* [THE INPUT]

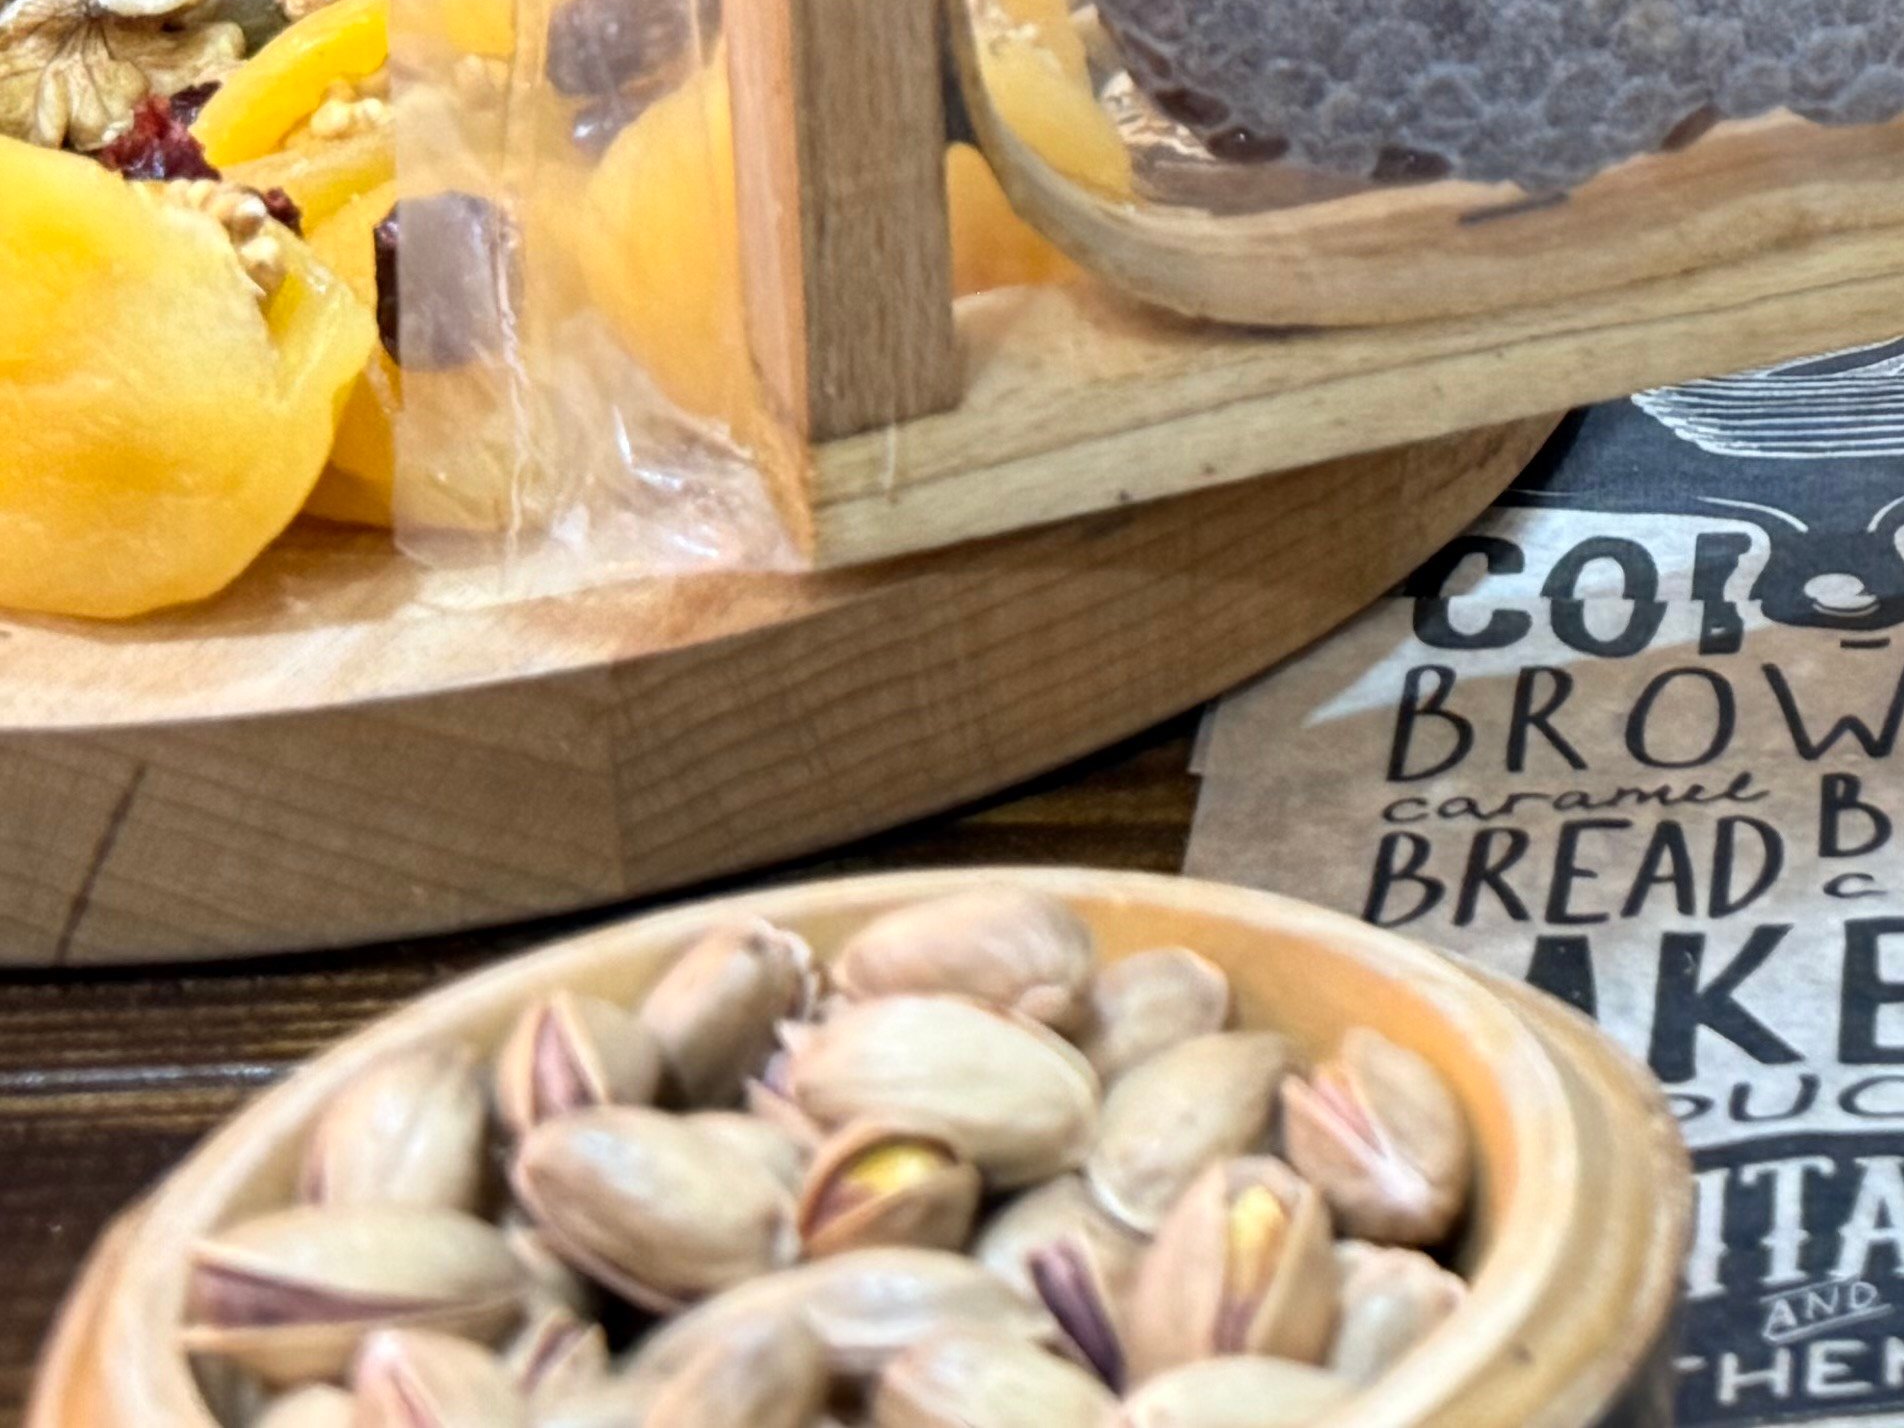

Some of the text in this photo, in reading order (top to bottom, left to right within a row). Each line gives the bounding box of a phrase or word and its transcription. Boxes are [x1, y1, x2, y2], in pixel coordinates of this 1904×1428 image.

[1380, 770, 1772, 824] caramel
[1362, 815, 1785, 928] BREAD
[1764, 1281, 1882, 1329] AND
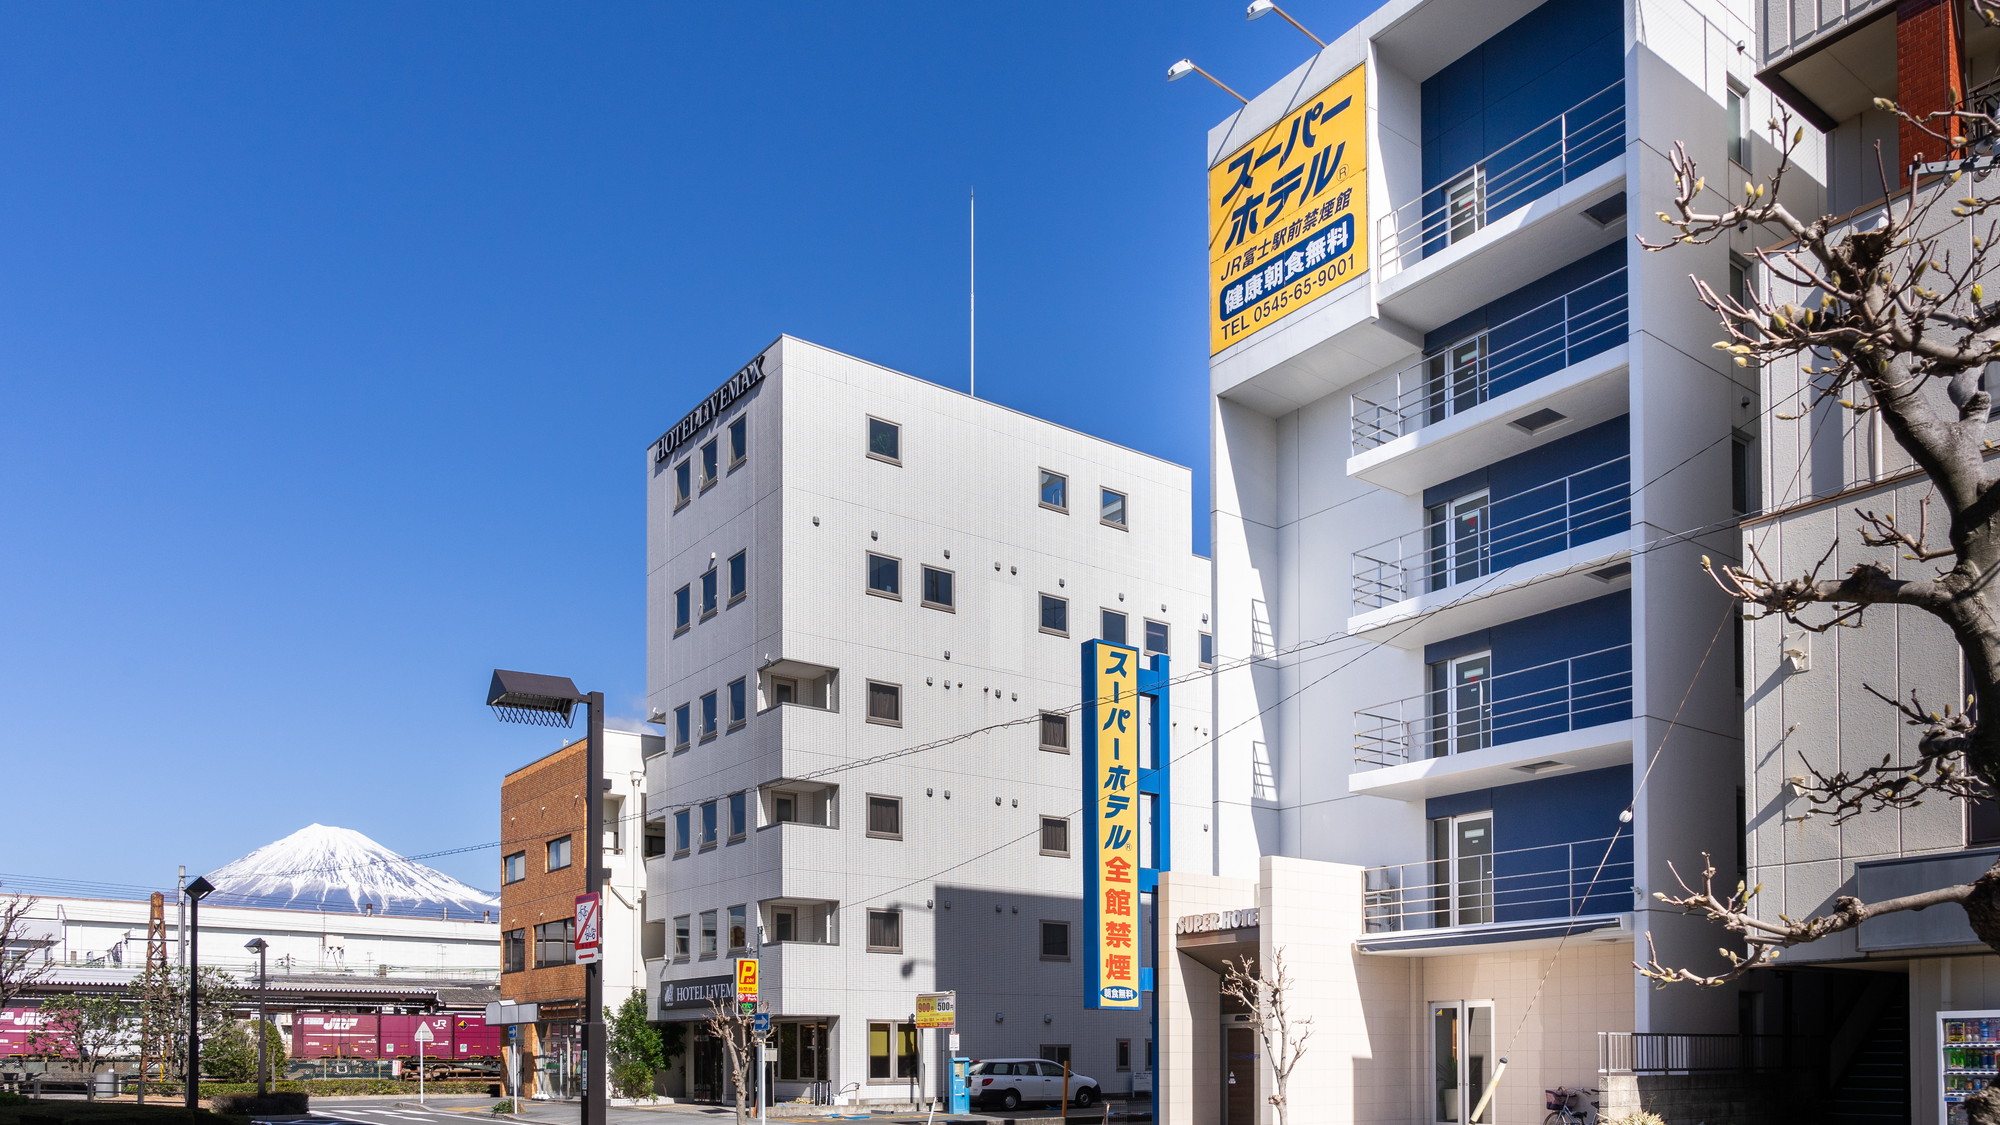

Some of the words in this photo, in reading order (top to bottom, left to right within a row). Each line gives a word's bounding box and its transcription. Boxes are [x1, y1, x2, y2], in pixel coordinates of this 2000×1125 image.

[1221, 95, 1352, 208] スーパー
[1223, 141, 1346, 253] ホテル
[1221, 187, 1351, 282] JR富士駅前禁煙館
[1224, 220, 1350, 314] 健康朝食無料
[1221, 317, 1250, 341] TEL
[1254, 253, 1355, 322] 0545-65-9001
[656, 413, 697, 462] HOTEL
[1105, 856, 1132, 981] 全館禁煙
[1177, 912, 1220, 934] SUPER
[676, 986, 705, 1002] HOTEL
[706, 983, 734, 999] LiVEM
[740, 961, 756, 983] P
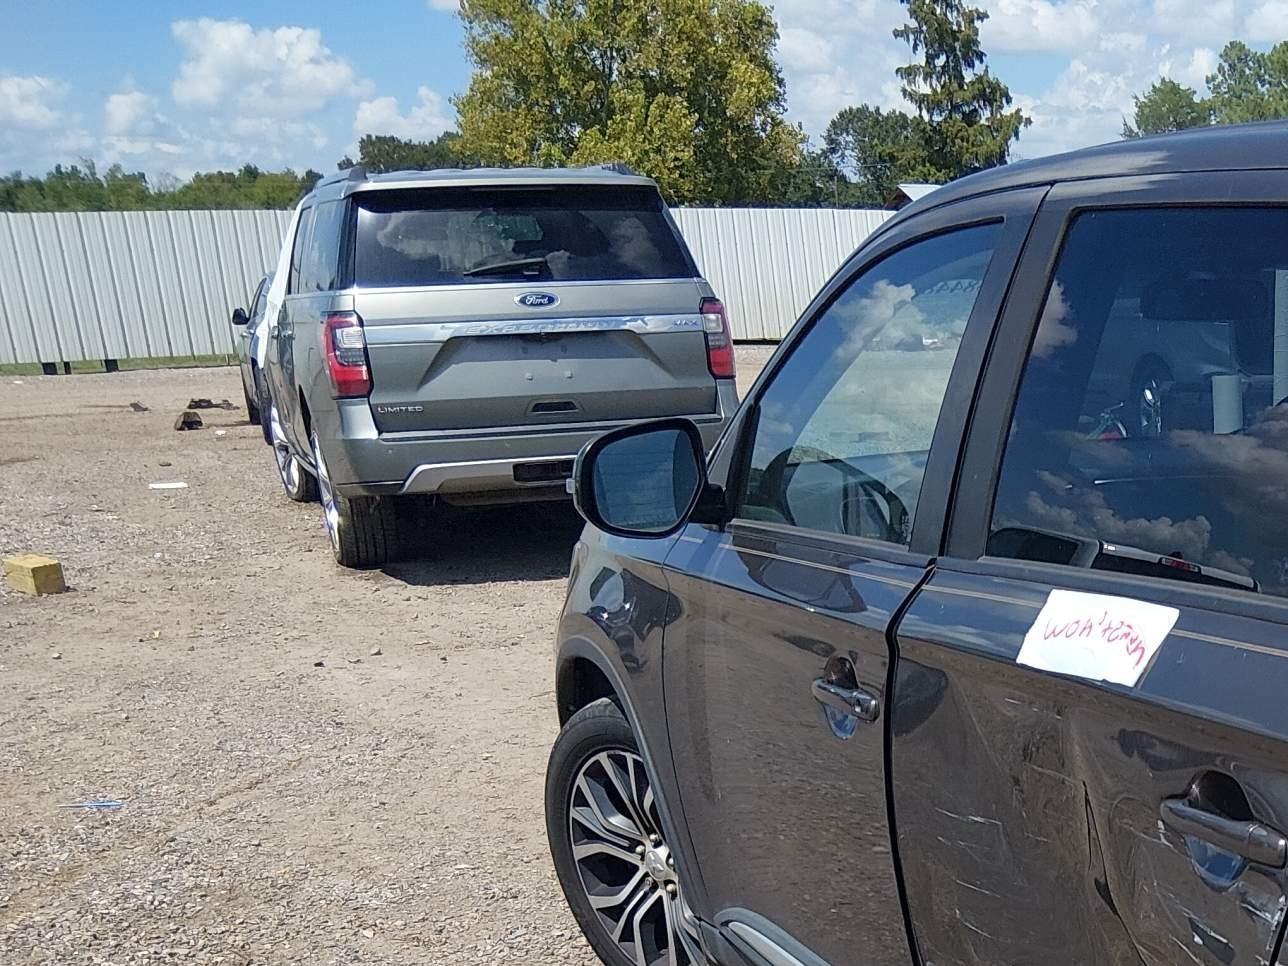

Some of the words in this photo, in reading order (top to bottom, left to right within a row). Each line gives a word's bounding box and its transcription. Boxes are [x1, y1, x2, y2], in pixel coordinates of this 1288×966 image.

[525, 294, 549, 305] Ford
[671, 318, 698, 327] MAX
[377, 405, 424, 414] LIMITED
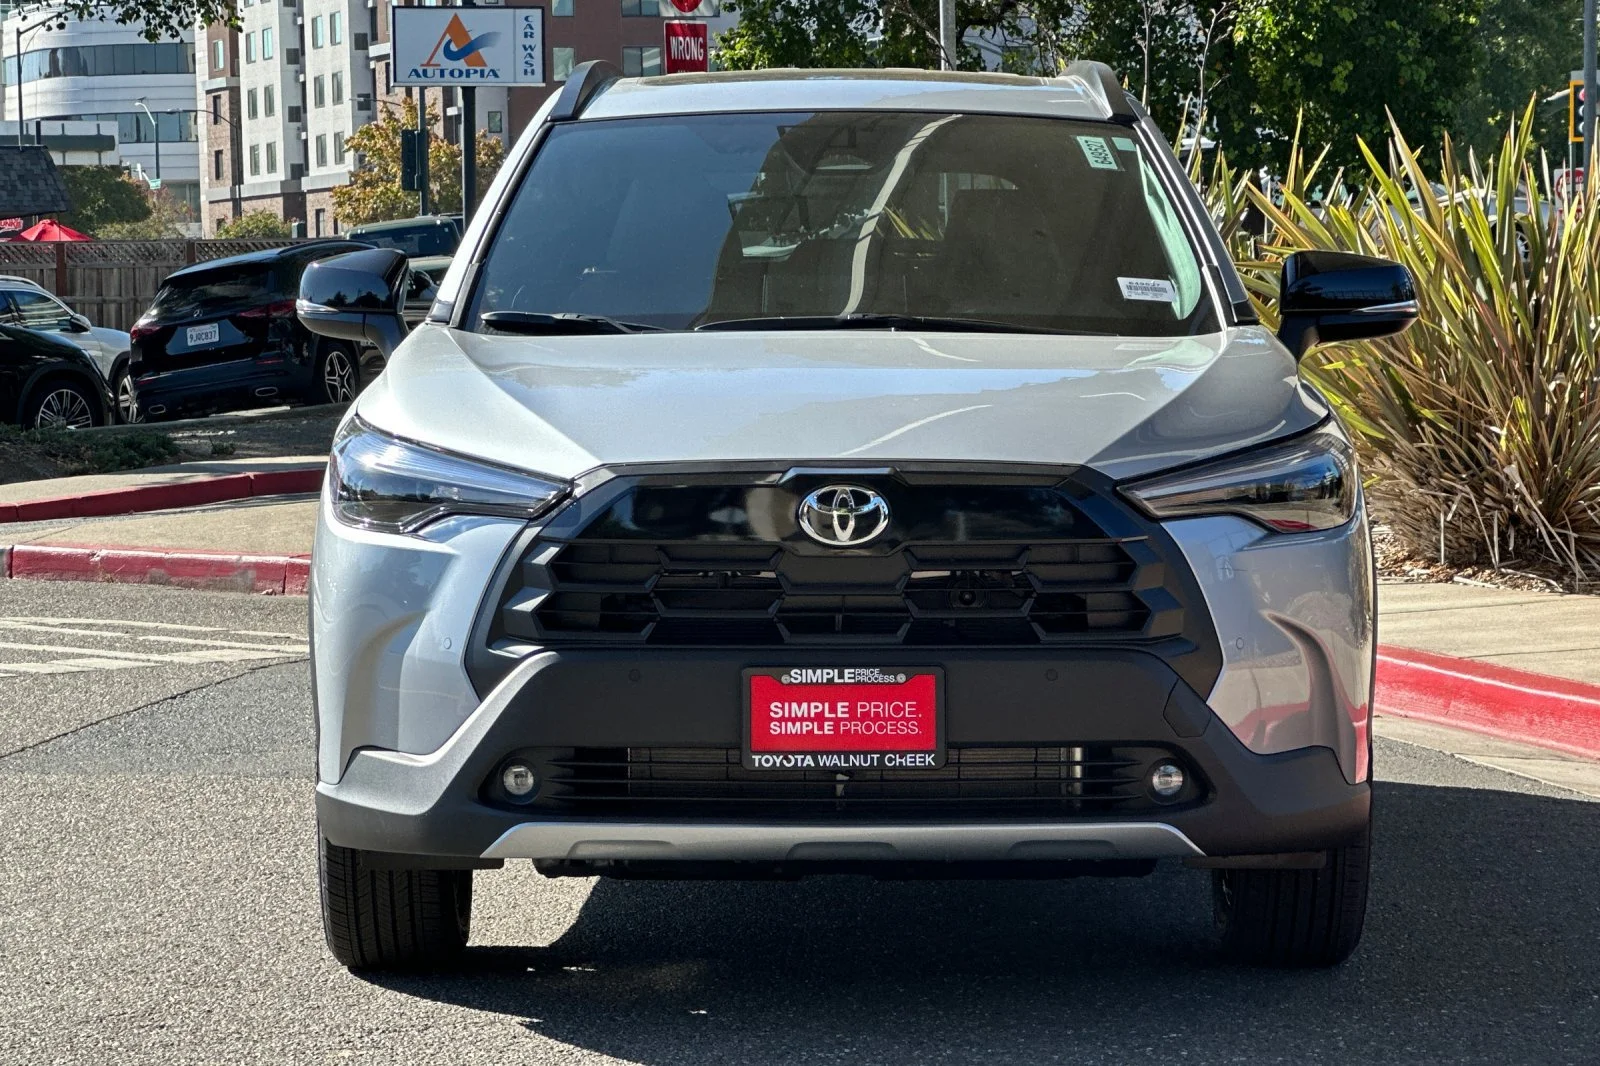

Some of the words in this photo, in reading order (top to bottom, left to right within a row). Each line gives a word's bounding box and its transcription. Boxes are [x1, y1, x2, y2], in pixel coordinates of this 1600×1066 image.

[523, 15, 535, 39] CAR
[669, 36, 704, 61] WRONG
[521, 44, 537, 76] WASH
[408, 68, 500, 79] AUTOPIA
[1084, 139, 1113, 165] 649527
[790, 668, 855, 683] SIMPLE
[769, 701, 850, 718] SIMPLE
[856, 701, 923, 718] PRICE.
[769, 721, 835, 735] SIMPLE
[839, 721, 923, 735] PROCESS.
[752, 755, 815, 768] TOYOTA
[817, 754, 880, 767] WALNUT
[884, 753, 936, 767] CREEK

* [ABOUT THIS TASK]
Reproduce every record above exactly, but leave out the pictures.

* [RESPONSE TO THIS TASK]
Some of the text in this photo, in reading order (top to bottom, left to right within a row). Each line gives the bounding box of a phrase or word and its transcription. Boxes are [x1, y1, x2, y2], in pixel coordinates of this 1904×1428 image.

[1380, 770, 1772, 824] caramel
[1362, 815, 1785, 928] BREAD
[1764, 1281, 1882, 1329] AND

Some of the words in this photo, in reading order (top to bottom, left to right within a row). Each line gives a word's bounding box and its transcription. Boxes are [x1, y1, x2, y2], in pixel coordinates of this 2000×1125 image.

[1221, 95, 1352, 208] スーパー
[1223, 141, 1346, 253] ホテル
[1221, 187, 1351, 282] JR富士駅前禁煙館
[1224, 220, 1350, 314] 健康朝食無料
[1221, 317, 1250, 341] TEL
[1254, 253, 1355, 322] 0545-65-9001
[656, 413, 697, 462] HOTEL
[1105, 856, 1132, 981] 全館禁煙
[1177, 912, 1220, 934] SUPER
[676, 986, 705, 1002] HOTEL
[706, 983, 734, 999] LiVEM
[740, 961, 756, 983] P

Some of the words in this photo, in reading order (top to bottom, left to right within a row). Each line gives a word's bounding box and its transcription. Boxes are [x1, y1, x2, y2], in pixel coordinates of this 1288×966 image.

[525, 294, 549, 305] Ford
[671, 318, 698, 327] MAX
[377, 405, 424, 414] LIMITED

Some of the words in this photo, in reading order (top to bottom, left to right within a row). Each line gives a word's bounding box and its transcription. Boxes are [x1, y1, x2, y2], in pixel coordinates of this 1600×1066 image.

[523, 15, 535, 39] CAR
[669, 36, 704, 61] WRONG
[521, 44, 537, 76] WASH
[408, 68, 500, 79] AUTOPIA
[1084, 139, 1113, 165] 649527
[790, 668, 855, 683] SIMPLE
[769, 701, 850, 718] SIMPLE
[856, 701, 923, 718] PRICE.
[769, 721, 835, 735] SIMPLE
[839, 721, 923, 735] PROCESS.
[752, 755, 815, 768] TOYOTA
[817, 754, 880, 767] WALNUT
[884, 753, 936, 767] CREEK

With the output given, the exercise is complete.